Every line of the listing must be reproduced as it stands. Leave the images behind.

=======

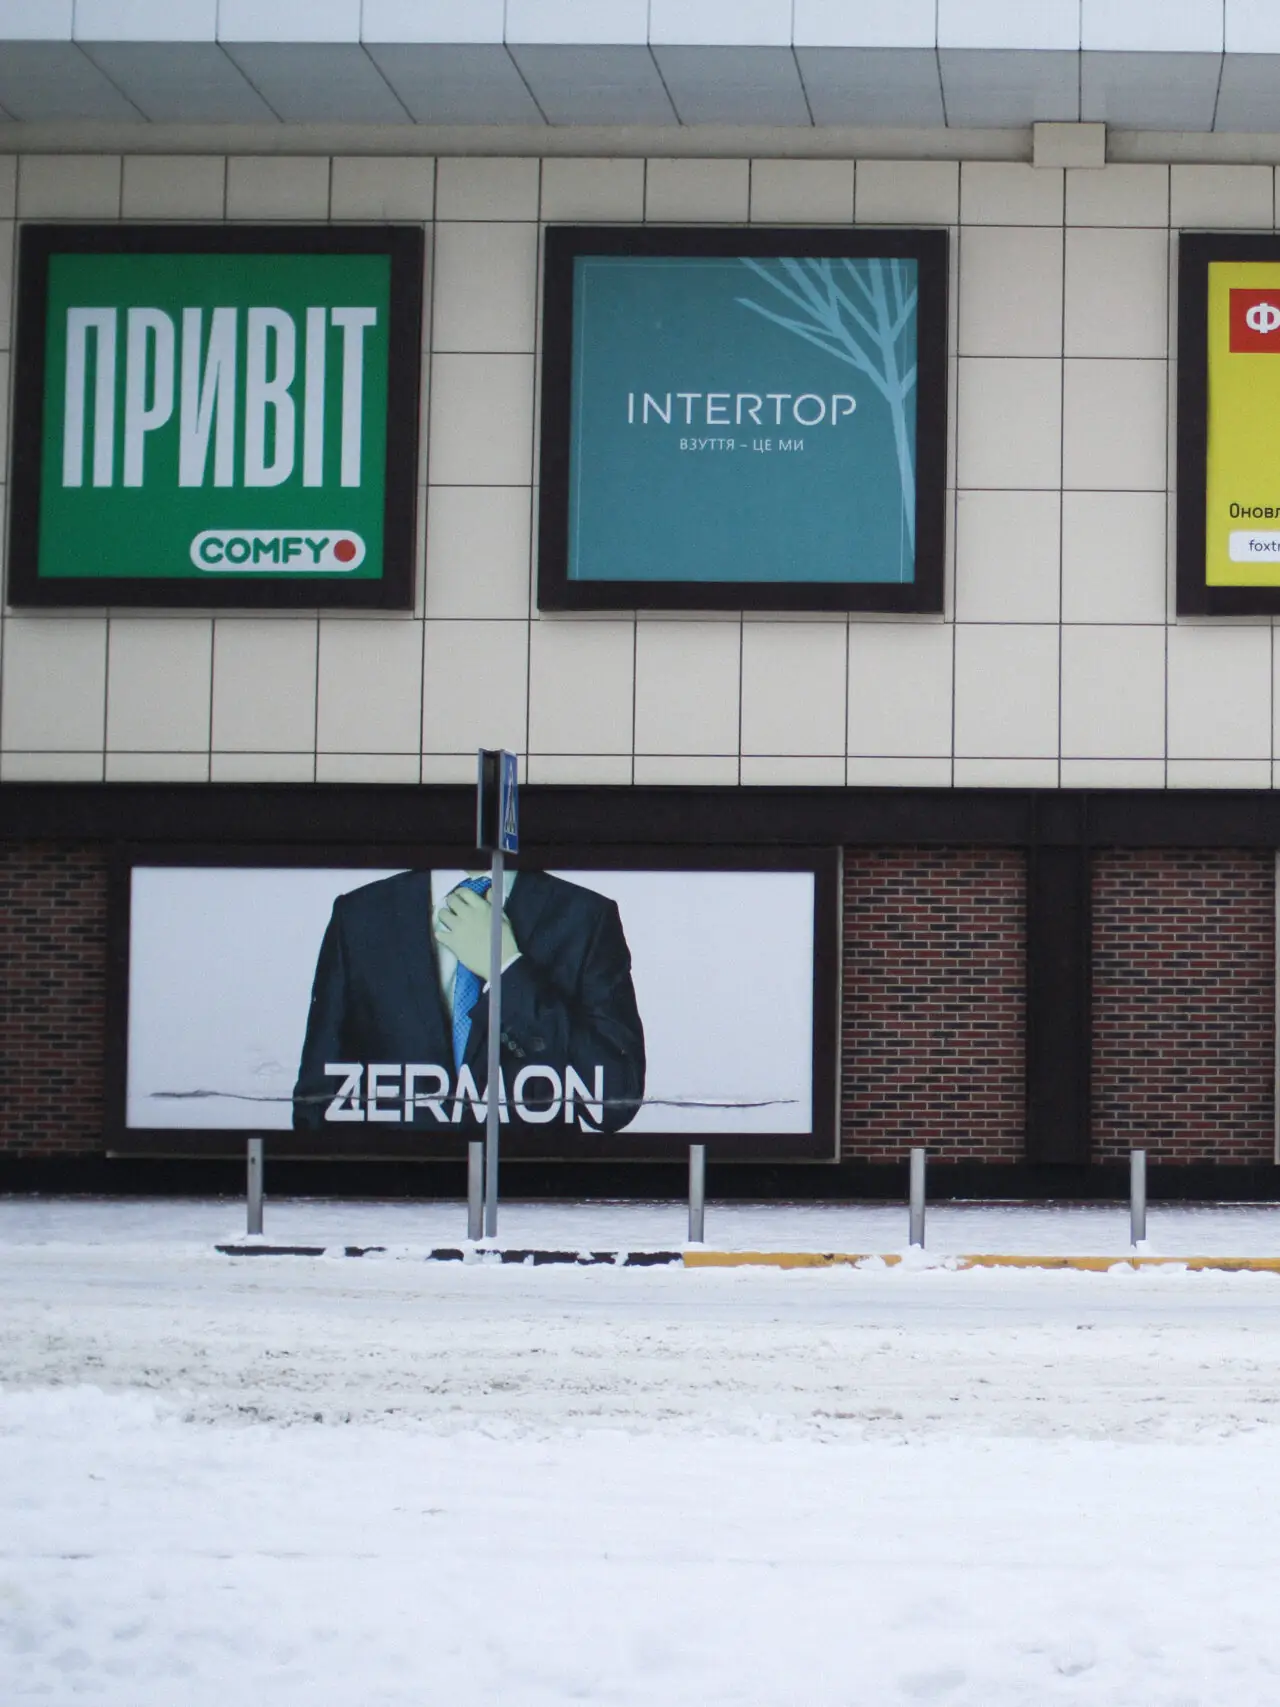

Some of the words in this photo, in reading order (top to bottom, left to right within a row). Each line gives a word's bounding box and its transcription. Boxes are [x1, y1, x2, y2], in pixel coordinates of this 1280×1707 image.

[62, 306, 378, 488] ПРИВІТ
[627, 392, 857, 426] INTERTOP
[679, 438, 735, 451] ВЗУТТЯ
[753, 439, 772, 453] ЦЕ
[778, 440, 804, 451] МИ
[199, 537, 330, 564] COMFY
[324, 1063, 604, 1123] ZERMON
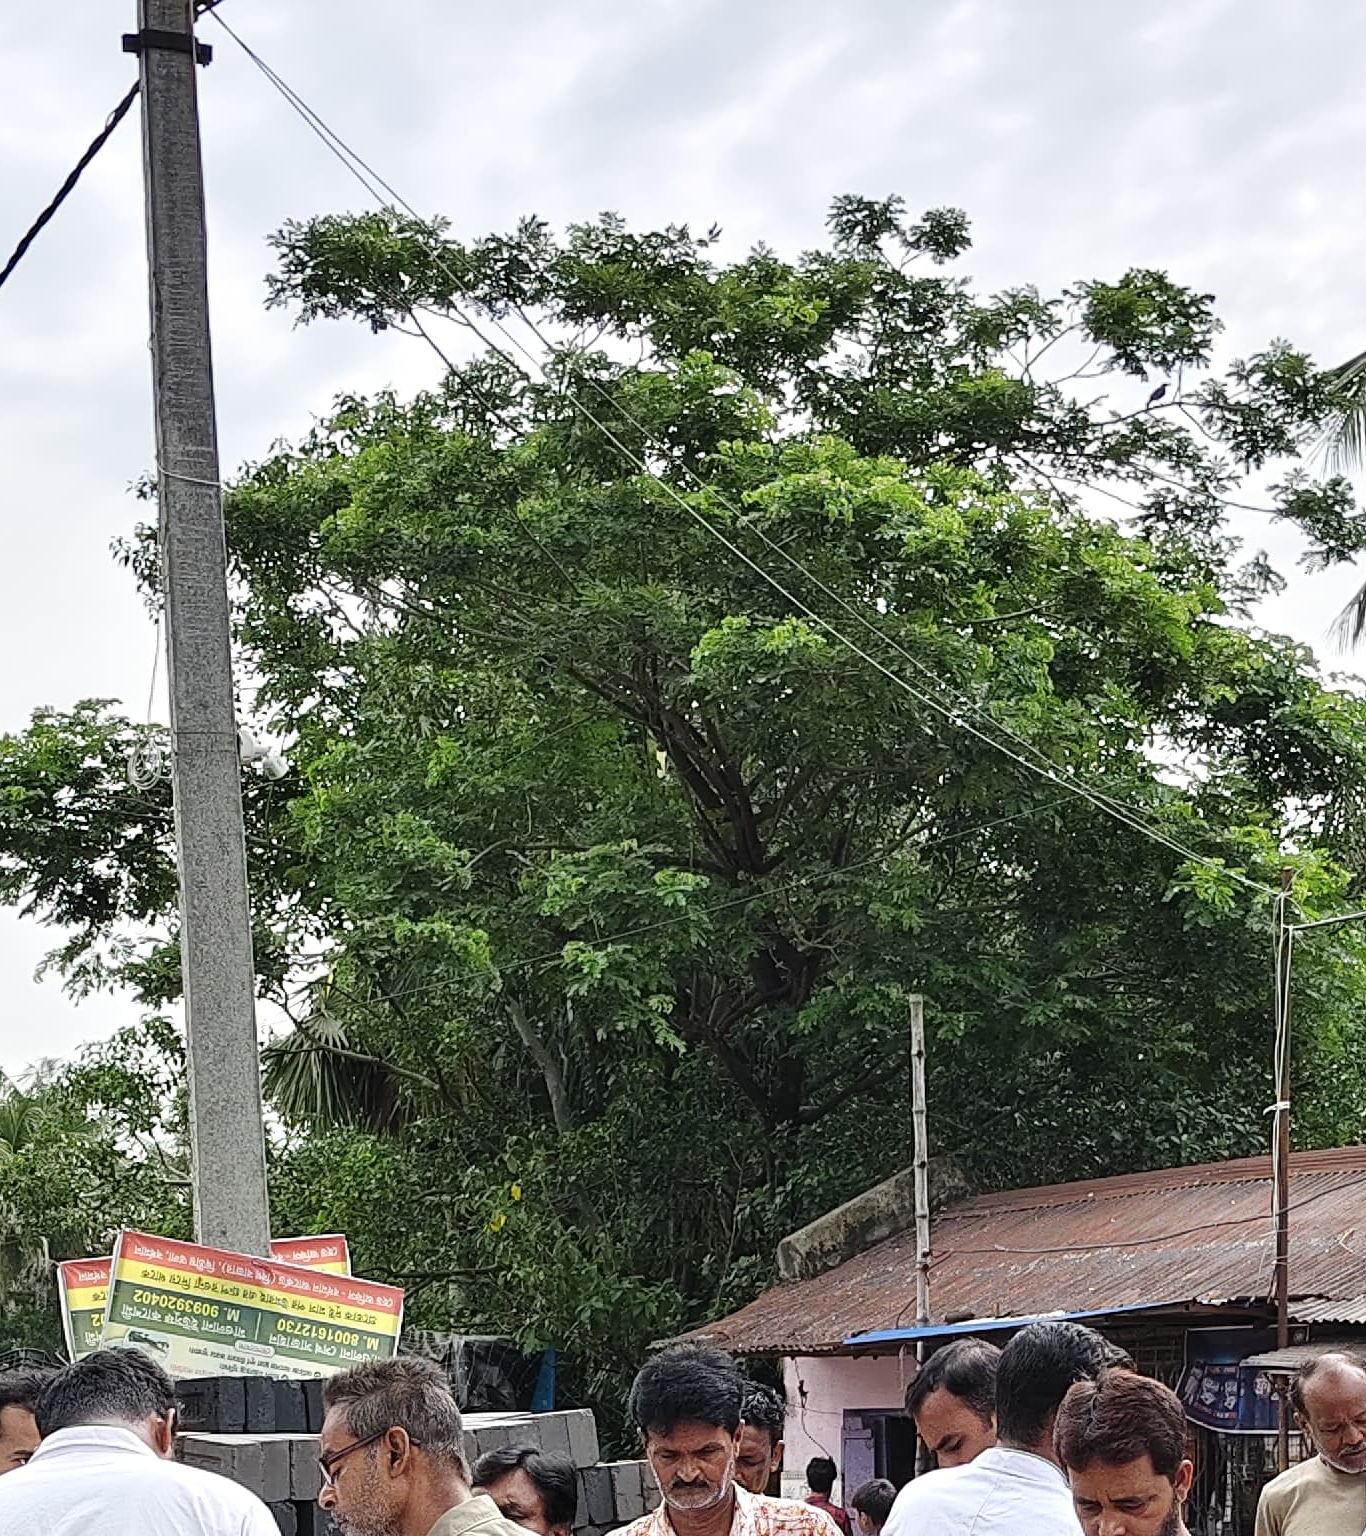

=======

▸ Exercise answer
Some of the words in this photo, in reading order (top to bottom, left to right within a row). Each line gives a word's bounding box and its transcription. Boxes are [x1, y1, x2, y2], in pixel coordinates of this 1280×1707 image.

[62, 306, 378, 488] ПРИВІТ
[627, 392, 857, 426] INTERTOP
[679, 438, 735, 451] ВЗУТТЯ
[753, 439, 772, 453] ЦЕ
[778, 440, 804, 451] МИ
[199, 537, 330, 564] COMFY
[324, 1063, 604, 1123] ZERMON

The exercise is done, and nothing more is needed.